From: Johannes Berg <johannes.berg@xxxxxxxxx>
To be able to more easily understand the code, drop robust
action frames before being associated, even if there's no
MFP in the end, as they are Class 3 Frames and shouldn't
be transmitted in the first place.
Signed-off-by: Johannes Berg <johannes.berg@xxxxxxxxx>
Signed-off-by: Gregory Greenman <gregory.greenman@xxxxxxxxx>
---
v2: rebase adjustments, for c419d884551f
("wifi: mac80211: fix ieee80211_drop_unencrypted_mgmt return type/value")
---
net/mac80211/rx.c | 9 +++++++++
1 file changed, 9 insertions(+)
diff --git a/net/mac80211/rx.c b/net/mac80211/rx.c
index 051db97a92b4..f2ea15d31c31 100644
--- a/net/mac80211/rx.c
+++ b/net/mac80211/rx.c
@@ -2474,6 +2474,15 @@ ieee80211_drop_unencrypted_mgmt(struct ieee80211_rx_data *rx)
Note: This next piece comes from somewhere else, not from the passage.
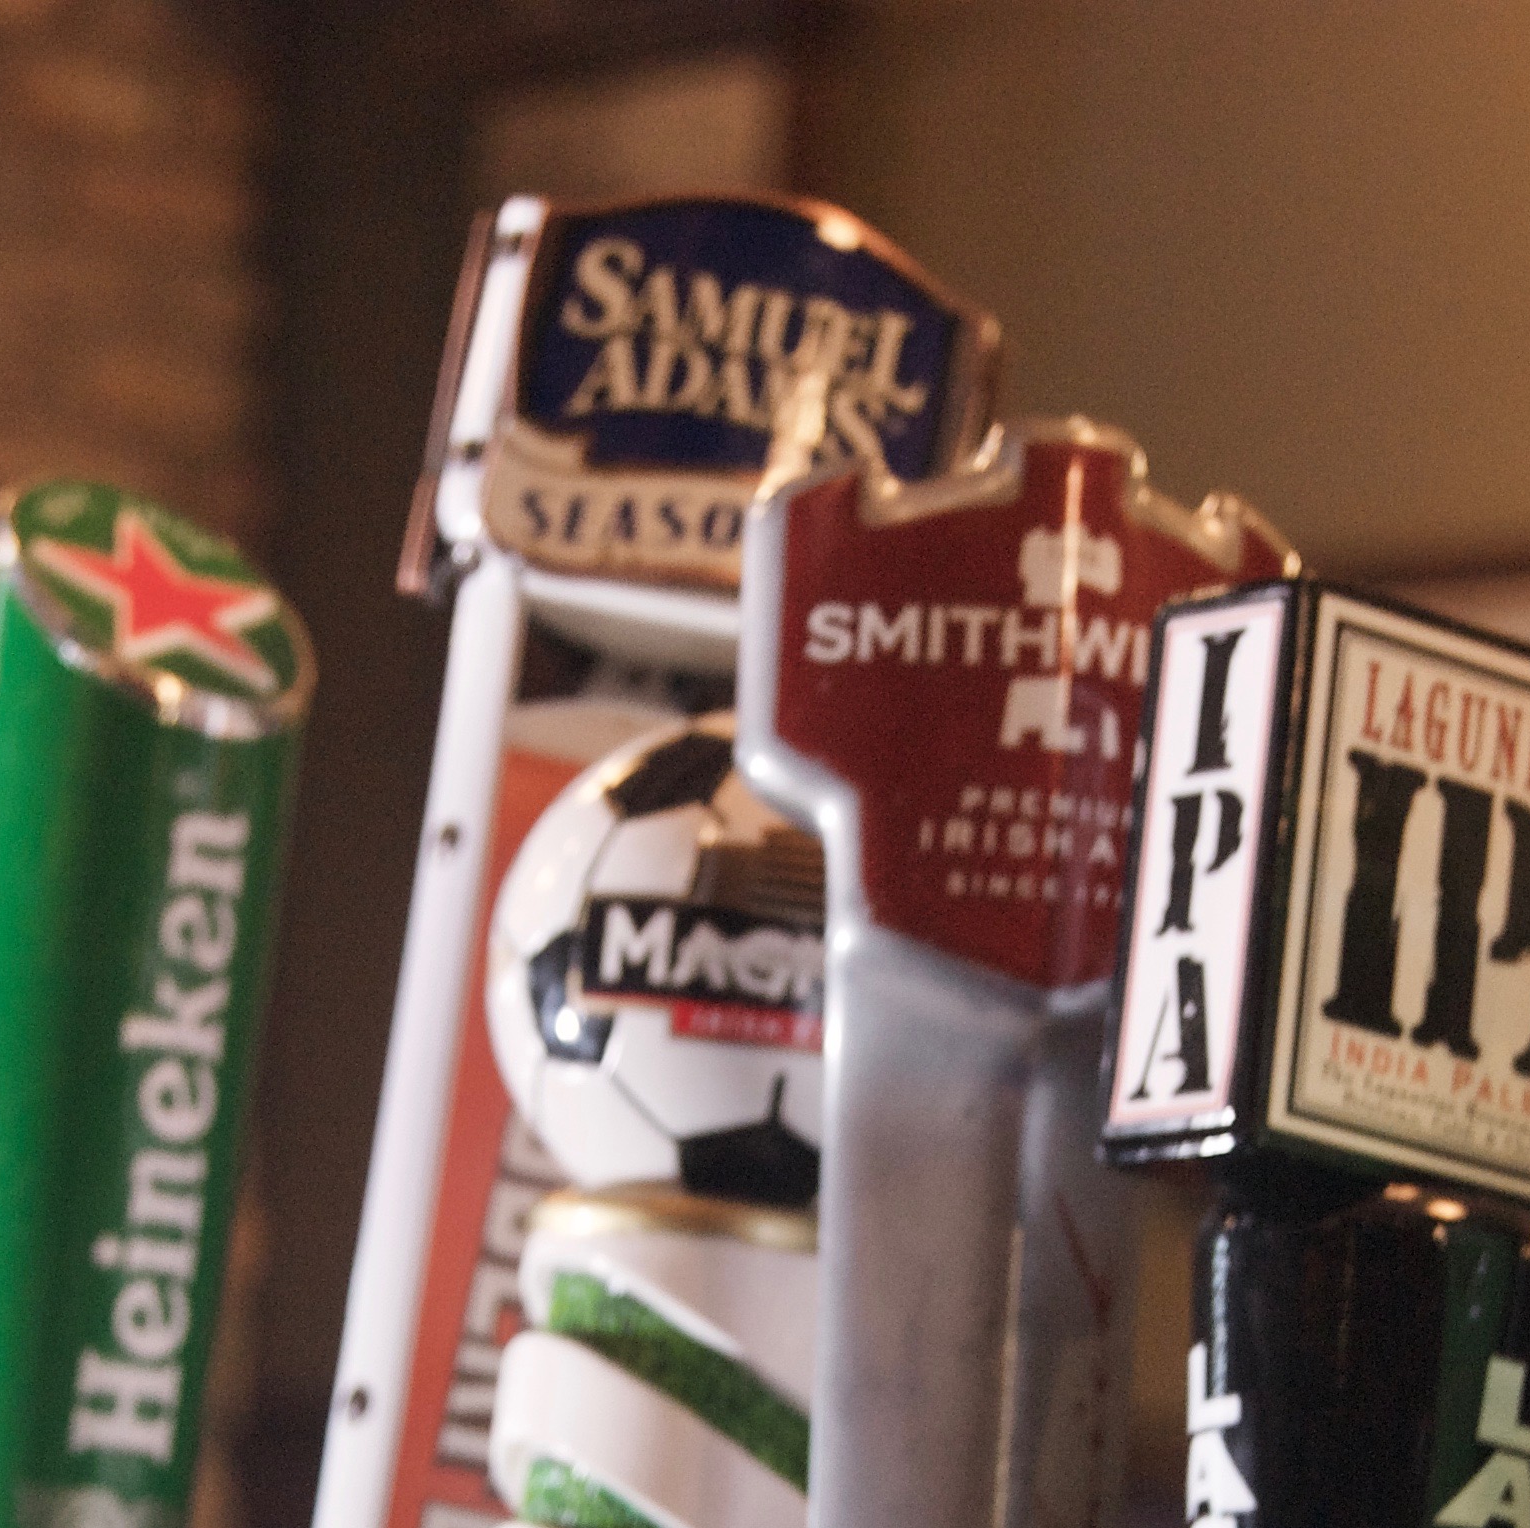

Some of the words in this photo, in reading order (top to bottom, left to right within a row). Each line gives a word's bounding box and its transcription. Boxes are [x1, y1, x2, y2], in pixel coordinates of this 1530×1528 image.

return RX_DROP_U_UNPROT_UNICAST_PUB_ACTION;
}
+ /*
+ * Drop robust action frames before assoc regardless of MFP state,
+ * after assoc we also have decided on MFP or not.
+ */
+ if (ieee80211_is_action(fc) &&
+ ieee80211_is_robust_mgmt_frame(rx->skb) &&
+ (!rx->sta || !test_sta_flag(rx->sta, WLAN_STA_ASSOC)))
+ return -EACCES;
+
return RX_CONTINUE;
}
--
2.38.1